This app can be used to find solutions that minimize or maximize a function defined in a worksheet's cell. It can also be used for curve fitting by defining the residual sum of squares as the target function for minimization.
Download the file OptSolver.opx, and then drag-and-drop onto the Origin workspace. An icon will appear in the Apps Gallery window.
NOTE: This tool requires OriginPro.
Input for this tool includes the objective function to minimize or maximize defined in a worksheet's cell, initial values for variables in the objective function which can be placed in a column, and a column to save final solutions. If bounds are applied, two columns for lower bounds and upper bounds are required. If a variable has no lower bound or upper bound, set a missing value for that variable in columns. Note that all inputs must be in a worksheet.
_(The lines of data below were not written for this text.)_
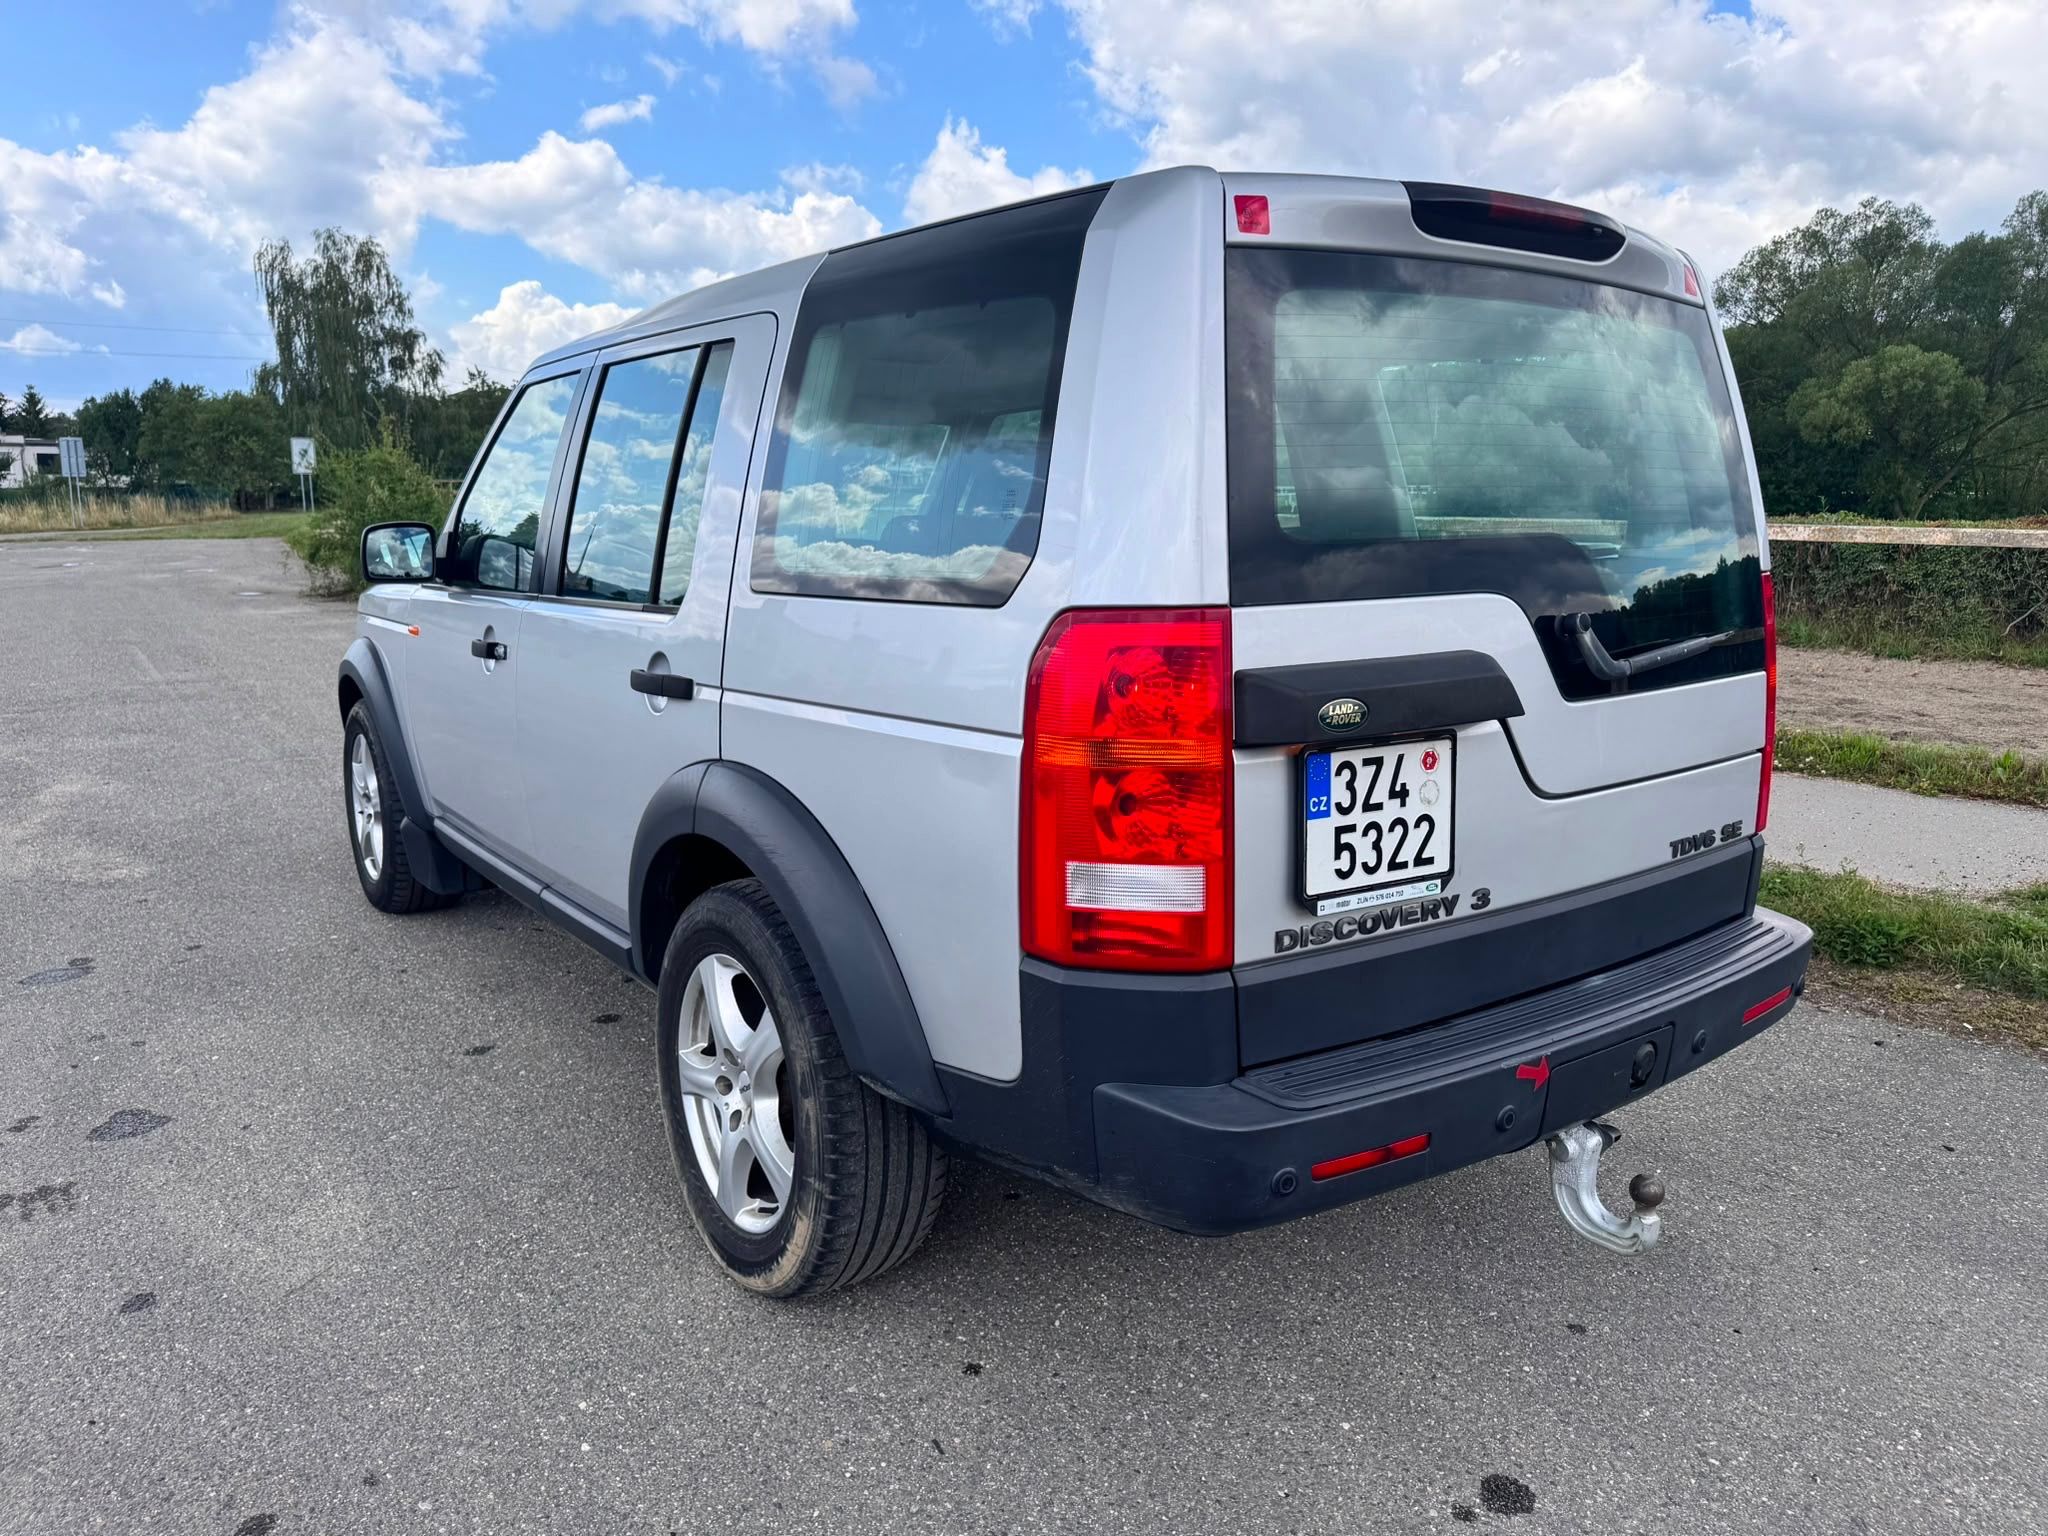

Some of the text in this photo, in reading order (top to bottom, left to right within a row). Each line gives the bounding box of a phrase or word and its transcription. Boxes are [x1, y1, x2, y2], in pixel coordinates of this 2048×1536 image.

[1329, 704, 1353, 715] LAND
[1331, 713, 1361, 725] ROVER
[1310, 796, 1327, 811] CZ
[1335, 753, 1409, 816] 3Z4
[1334, 813, 1435, 880] 5322
[1669, 820, 1743, 859] TDV6 SE
[1274, 887, 1491, 953] DISCOVERY 3
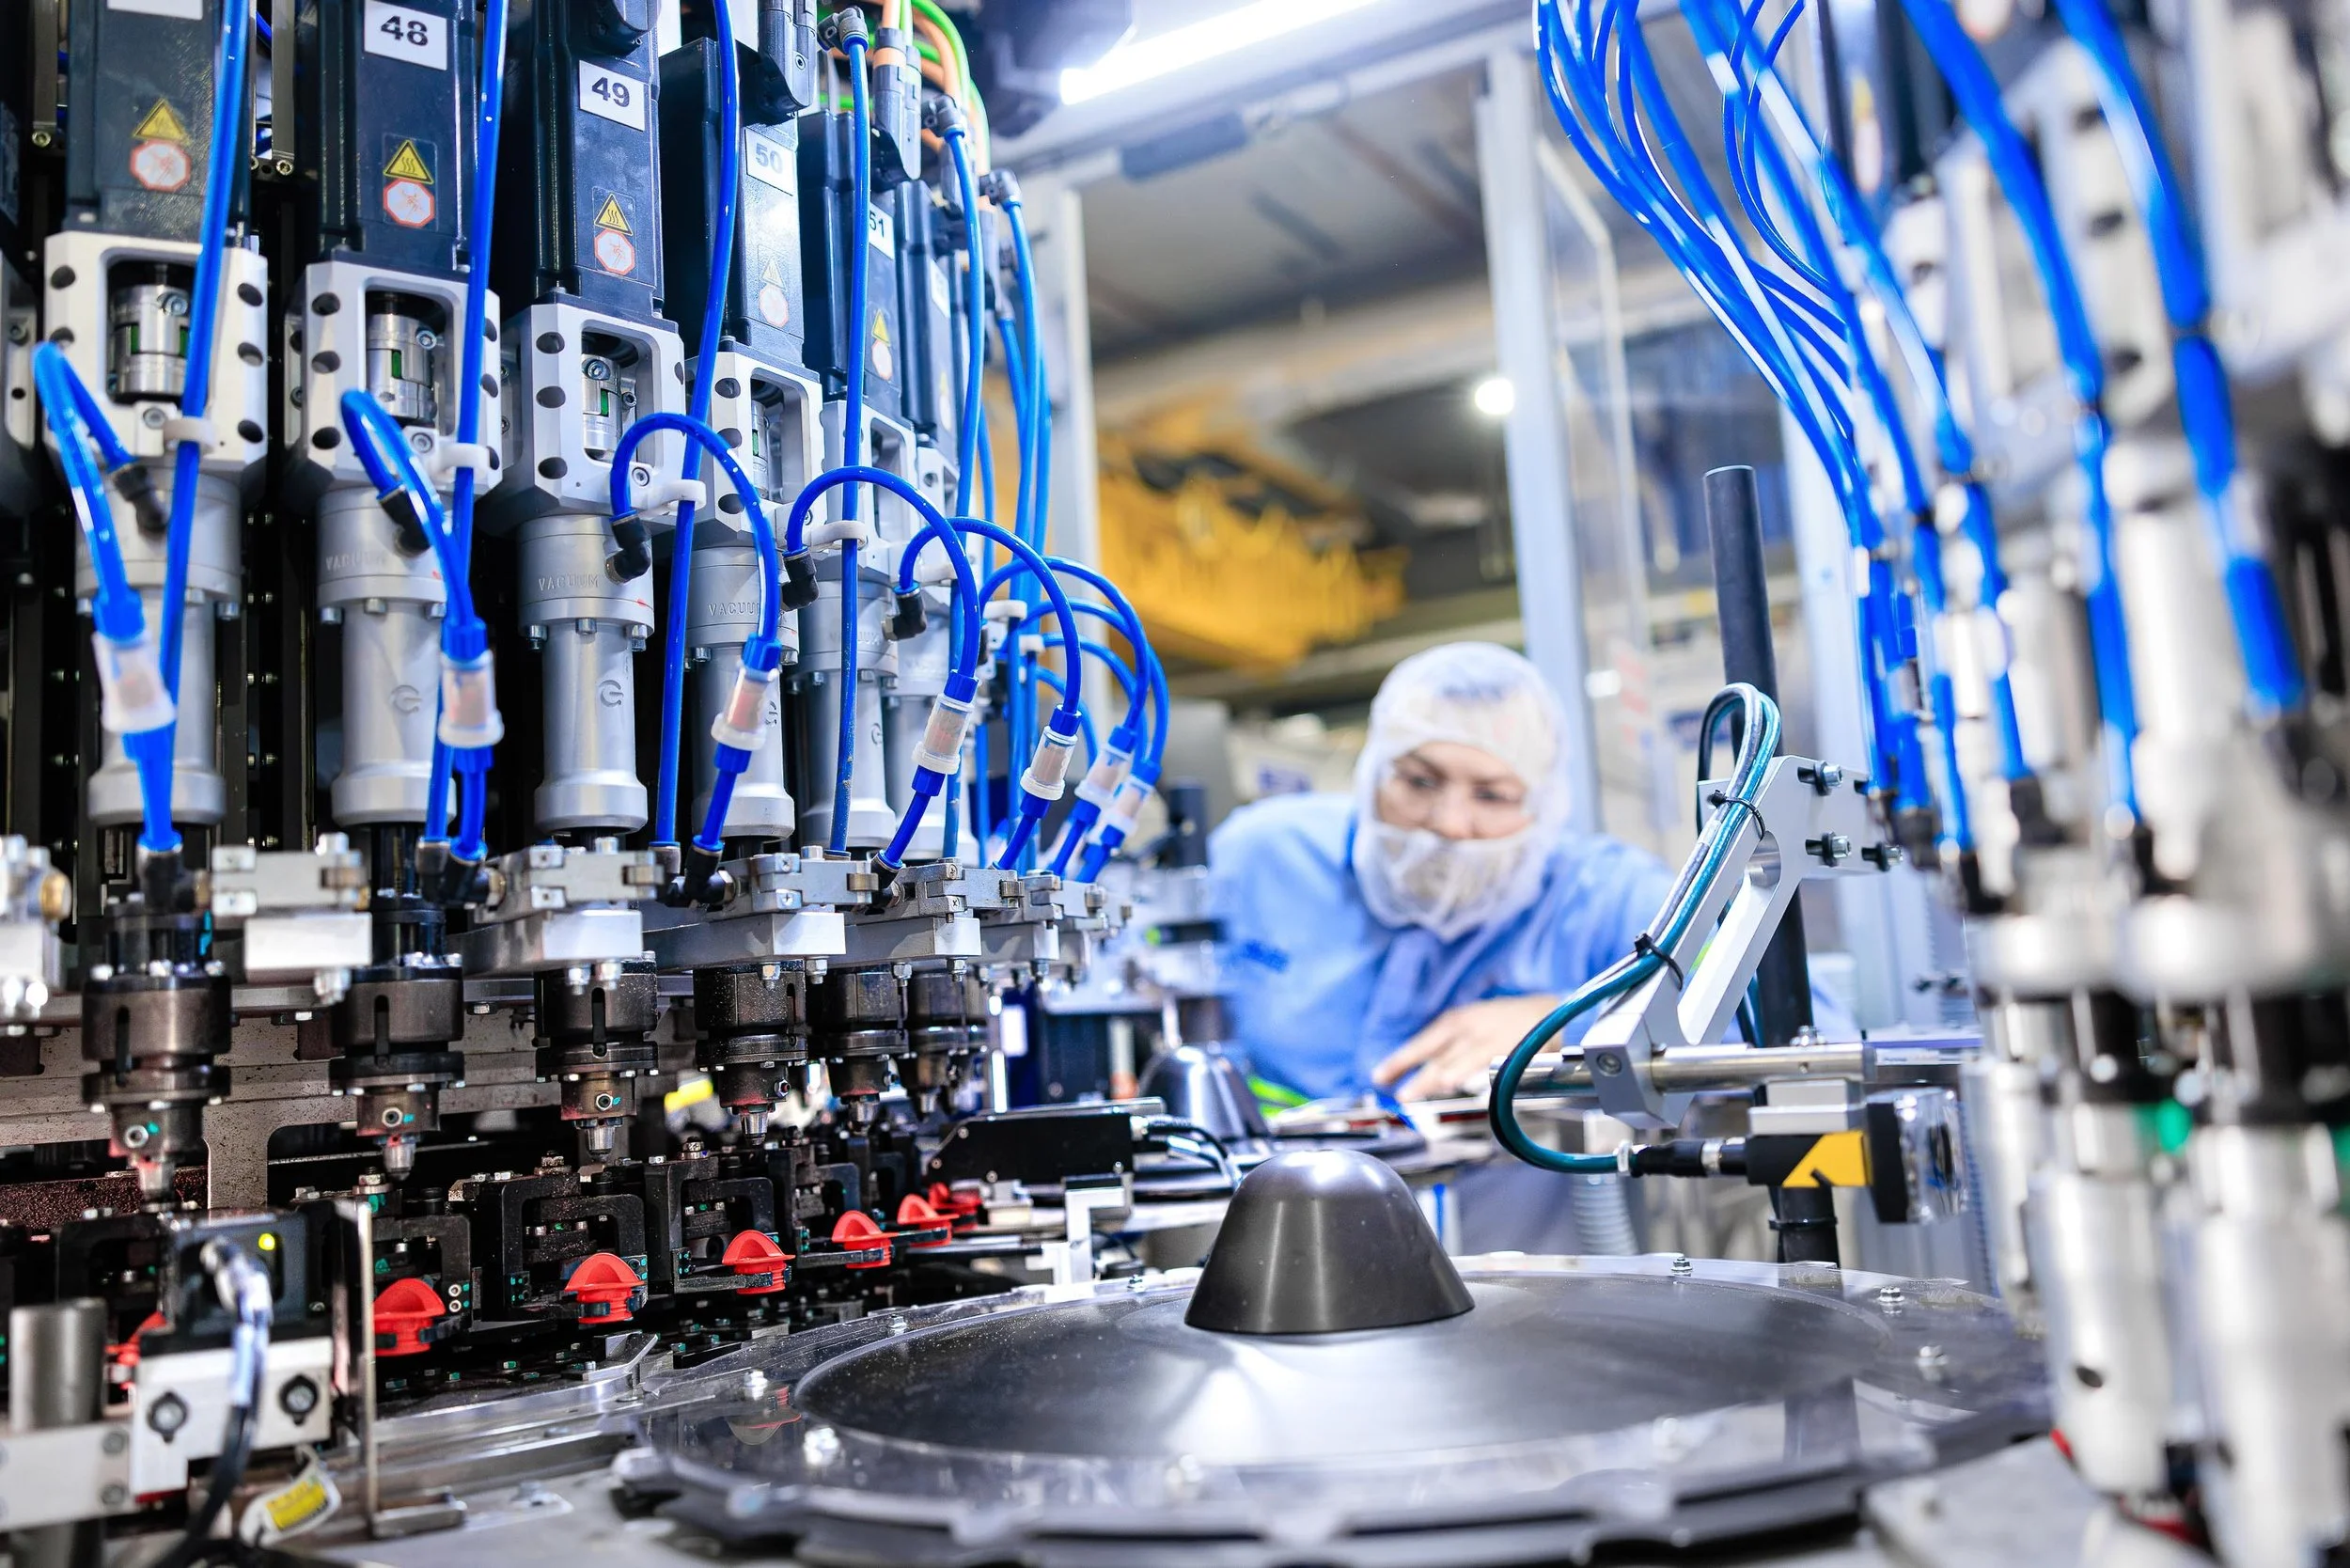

The objective function in the worksheet's cell can be defined by Cell Formula or Before Formula Scripts in Set Values dialog. The Sample OPJU file in this app shows both methods: Minimize a Function example (example 1) uses Before Formula Scripts in column F, and Fit Gaussian example (example 2) uses Cell Formula in the cell G1. And Recalculate should be None in Set Values dialog, otherwise it may affect the speed.
If it is used for curve fitting, the objective function must be expression of the residual sum of squares. And a column is needed to calculate the predicted dependent variable by parameters in the column to save final solutions, and the prediction column can be evaluated by formula in Set Values dialog. Examples 2-4 in this app's Sample OPJU file demonstrate how to define it.
Formula in Set Values dialog supports LabTalk script, X-Function, OriginC function(load and compile it first) and Python function. Example 5 in this app's Sample OPJU file calls Python function in Set Values dialog:
//Before Formula Scripts
if( Python.chk("scipy")>1 )
from scipy.optimize import rosen
import numpy as np
def frosen( p ):
x=np.array( p )
and example 3 utilizes X-Function in Set Values dialog.
//Before Formula Scripts
double dx=col(A)-col(A), y0=col(I);
conv ix:=col(D) response:=col(C) interval:=dx circular:=circular oy:=(col(E),col(F));
This tool supports three methods: Simplex, Sequential Quadratic Programming and Quadratic Approximation. NAG functions are used: nag_opt_simplex_easy, nag_opt_nlp and nag_opt_bounds_qa_no_deri. The objective function is defined in a worksheet's cell, it can have no detailed expression, and it only needs to be evaluated when variables (parameters in curve fitting) are given.
- Make the worksheet for input data active. Highlight the Objective Function cell. Click the Optimization Solver icon in the Apps Gallery window to open the dialog. In the opened dialog, drag columns in the left Columns panel and drop to Column for Initial Values and Column for Solution in the right panel's Input branch. If Set Bounds in Settings branch is checked, drag and drop columns for Column for Lower Bounds and Column for Upper Bounds.
- In the Settings branch, choose Minimum or Maximum as Target. If it is used for curve fitting, Minimum should be chosen. Select a method from Method drop-down list, three methods are available, and Simplex method is inaccessible when Set Bounds is chosen. In Options for Iteration group, set criteria for convergence, and you can choose from the drop-down list or type a value in each item.
- In the bottom panel, click Apply button, it will run the analysis, update results in the worksheet and graph (if the graph includes the worksheet data) , and show the summary info in the dialog. The link in the summary includes detailed iteration info. If it fails, the summary info will show the failure details, and you can adjust the method or iteration options. Click Init button, and it will update results in the worksheet and graph with initial values. Click OK button, it will close the dialog, run the analysis, update results in the worksheet and graph, and show info in Messages Log. See iteration details in the app folder's log.txt file.
Sample OPJU File
This app provides a sample OPJU file. Right click on the Optimization Solver icon in the Apps Gallery window, and choose Show Samples Folder from the short-cut menu. A folder will open. Drag-and-drop the project file OptSample.opju from the folder onto Origin. The sample project contains five examples in five folders: Minimize a Function, Fit Gaussian, Fit Convolution, Global Fit and Minimize a Python Function. In each example's folder, the Notes window shows detailed steps about how to set input in the worksheet and operate in the dialog.
Note: If you wish to save the OPJU after changing, it is recommended that you save to a different folder location (e.g. User Files Folder).
This tool doesn't care what your objective function is, and you can define it in the worksheet in any way. For this reason, it supports many curve fitting types in a simple way, e.g. fit with convolution, fit with integral, global fit and so on. Moreover, it needn't provide derivatives, which is necessary in most curve fitting methods, therefore it is easy and fast as a curve fitting tool. However, this also causes a drawback in curve fitting, it can't give parameter's standard errors and some statistics results. In a word, if you just want to estimate parameters in fitting function and predict the response, this tool is a good choice.